§ DATA FOR PROCESSING
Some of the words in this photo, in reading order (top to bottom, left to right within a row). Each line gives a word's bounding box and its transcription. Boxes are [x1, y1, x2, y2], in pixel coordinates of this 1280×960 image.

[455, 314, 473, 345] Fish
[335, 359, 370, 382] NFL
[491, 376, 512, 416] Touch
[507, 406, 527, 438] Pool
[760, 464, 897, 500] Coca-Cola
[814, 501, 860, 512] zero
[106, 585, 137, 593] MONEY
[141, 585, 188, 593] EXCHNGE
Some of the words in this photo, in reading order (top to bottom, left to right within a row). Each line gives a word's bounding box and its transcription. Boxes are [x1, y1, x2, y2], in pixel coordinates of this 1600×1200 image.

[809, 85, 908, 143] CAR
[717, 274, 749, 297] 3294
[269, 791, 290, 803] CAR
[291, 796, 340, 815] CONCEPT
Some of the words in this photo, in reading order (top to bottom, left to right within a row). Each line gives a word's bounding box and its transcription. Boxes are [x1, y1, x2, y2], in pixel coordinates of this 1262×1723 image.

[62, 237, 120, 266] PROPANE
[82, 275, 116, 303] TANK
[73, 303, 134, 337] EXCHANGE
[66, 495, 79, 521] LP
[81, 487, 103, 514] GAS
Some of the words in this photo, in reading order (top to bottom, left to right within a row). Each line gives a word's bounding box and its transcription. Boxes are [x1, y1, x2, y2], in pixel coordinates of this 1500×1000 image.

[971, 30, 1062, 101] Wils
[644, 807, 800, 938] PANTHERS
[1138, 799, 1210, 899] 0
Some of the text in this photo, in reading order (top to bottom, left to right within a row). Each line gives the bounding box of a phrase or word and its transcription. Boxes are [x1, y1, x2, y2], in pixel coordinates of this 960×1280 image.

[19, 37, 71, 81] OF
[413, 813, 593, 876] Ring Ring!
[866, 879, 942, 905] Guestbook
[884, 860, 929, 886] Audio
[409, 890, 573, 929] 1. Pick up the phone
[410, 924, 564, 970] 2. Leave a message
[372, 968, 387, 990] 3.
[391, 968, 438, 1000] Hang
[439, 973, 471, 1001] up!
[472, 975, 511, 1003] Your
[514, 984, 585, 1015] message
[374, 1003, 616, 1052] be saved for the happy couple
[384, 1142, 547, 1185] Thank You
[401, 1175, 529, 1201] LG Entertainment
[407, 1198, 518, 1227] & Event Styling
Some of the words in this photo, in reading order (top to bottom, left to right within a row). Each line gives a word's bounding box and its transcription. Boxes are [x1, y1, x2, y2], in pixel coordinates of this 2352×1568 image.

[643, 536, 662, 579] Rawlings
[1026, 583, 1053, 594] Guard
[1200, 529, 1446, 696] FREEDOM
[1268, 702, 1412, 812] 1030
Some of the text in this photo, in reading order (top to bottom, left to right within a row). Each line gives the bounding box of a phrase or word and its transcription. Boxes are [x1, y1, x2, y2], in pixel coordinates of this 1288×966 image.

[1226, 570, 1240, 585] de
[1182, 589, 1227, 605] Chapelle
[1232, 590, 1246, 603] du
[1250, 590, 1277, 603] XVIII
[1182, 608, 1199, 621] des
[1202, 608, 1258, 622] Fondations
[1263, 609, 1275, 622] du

§ TASK STATEMENT
Faithfully copy every entry, leaving nothing out.

§ THE COMPLETED TASK
Some of the words in this photo, in reading order (top to bottom, left to right within a row). Each line gives a word's bounding box and its transcription. Boxes are [x1, y1, x2, y2], in pixel coordinates of this 1280×960 image.

[455, 314, 473, 345] Fish
[335, 359, 370, 382] NFL
[491, 376, 512, 416] Touch
[507, 406, 527, 438] Pool
[760, 464, 897, 500] Coca-Cola
[814, 501, 860, 512] zero
[106, 585, 137, 593] MONEY
[141, 585, 188, 593] EXCHNGE
Some of the words in this photo, in reading order (top to bottom, left to right within a row). Each line gives a word's bounding box and its transcription. Boxes are [x1, y1, x2, y2], in pixel coordinates of this 1600×1200 image.

[809, 85, 908, 143] CAR
[717, 274, 749, 297] 3294
[269, 791, 290, 803] CAR
[291, 796, 340, 815] CONCEPT
Some of the words in this photo, in reading order (top to bottom, left to right within a row). Each line gives a word's bounding box and its transcription. Boxes are [x1, y1, x2, y2], in pixel coordinates of this 1262×1723 image.

[62, 237, 120, 266] PROPANE
[82, 275, 116, 303] TANK
[73, 303, 134, 337] EXCHANGE
[66, 495, 79, 521] LP
[81, 487, 103, 514] GAS
Some of the words in this photo, in reading order (top to bottom, left to right within a row). Each line gives a word's bounding box and its transcription. Boxes are [x1, y1, x2, y2], in pixel coordinates of this 1500×1000 image.

[971, 30, 1062, 101] Wils
[644, 807, 800, 938] PANTHERS
[1138, 799, 1210, 899] 0
Some of the text in this photo, in reading order (top to bottom, left to right within a row). Each line gives the bounding box of a phrase or word and its transcription. Boxes are [x1, y1, x2, y2], in pixel coordinates of this 960×1280 image.

[19, 37, 71, 81] OF
[413, 813, 593, 876] Ring Ring!
[866, 879, 942, 905] Guestbook
[884, 860, 929, 886] Audio
[409, 890, 573, 929] 1. Pick up the phone
[410, 924, 564, 970] 2. Leave a message
[372, 968, 387, 990] 3.
[391, 968, 438, 1000] Hang
[439, 973, 471, 1001] up!
[472, 975, 511, 1003] Your
[514, 984, 585, 1015] message
[374, 1003, 616, 1052] be saved for the happy couple
[384, 1142, 547, 1185] Thank You
[401, 1175, 529, 1201] LG Entertainment
[407, 1198, 518, 1227] & Event Styling
Some of the words in this photo, in reading order (top to bottom, left to right within a row). Each line gives a word's bounding box and its transcription. Boxes are [x1, y1, x2, y2], in pixel coordinates of this 2352×1568 image.

[643, 536, 662, 579] Rawlings
[1026, 583, 1053, 594] Guard
[1200, 529, 1446, 696] FREEDOM
[1268, 702, 1412, 812] 1030
Some of the text in this photo, in reading order (top to bottom, left to right within a row). Each line gives the bounding box of a phrase or word and its transcription. Boxes are [x1, y1, x2, y2], in pixel coordinates of this 1288×966 image.

[1226, 570, 1240, 585] de
[1182, 589, 1227, 605] Chapelle
[1232, 590, 1246, 603] du
[1250, 590, 1277, 603] XVIII
[1182, 608, 1199, 621] des
[1202, 608, 1258, 622] Fondations
[1263, 609, 1275, 622] du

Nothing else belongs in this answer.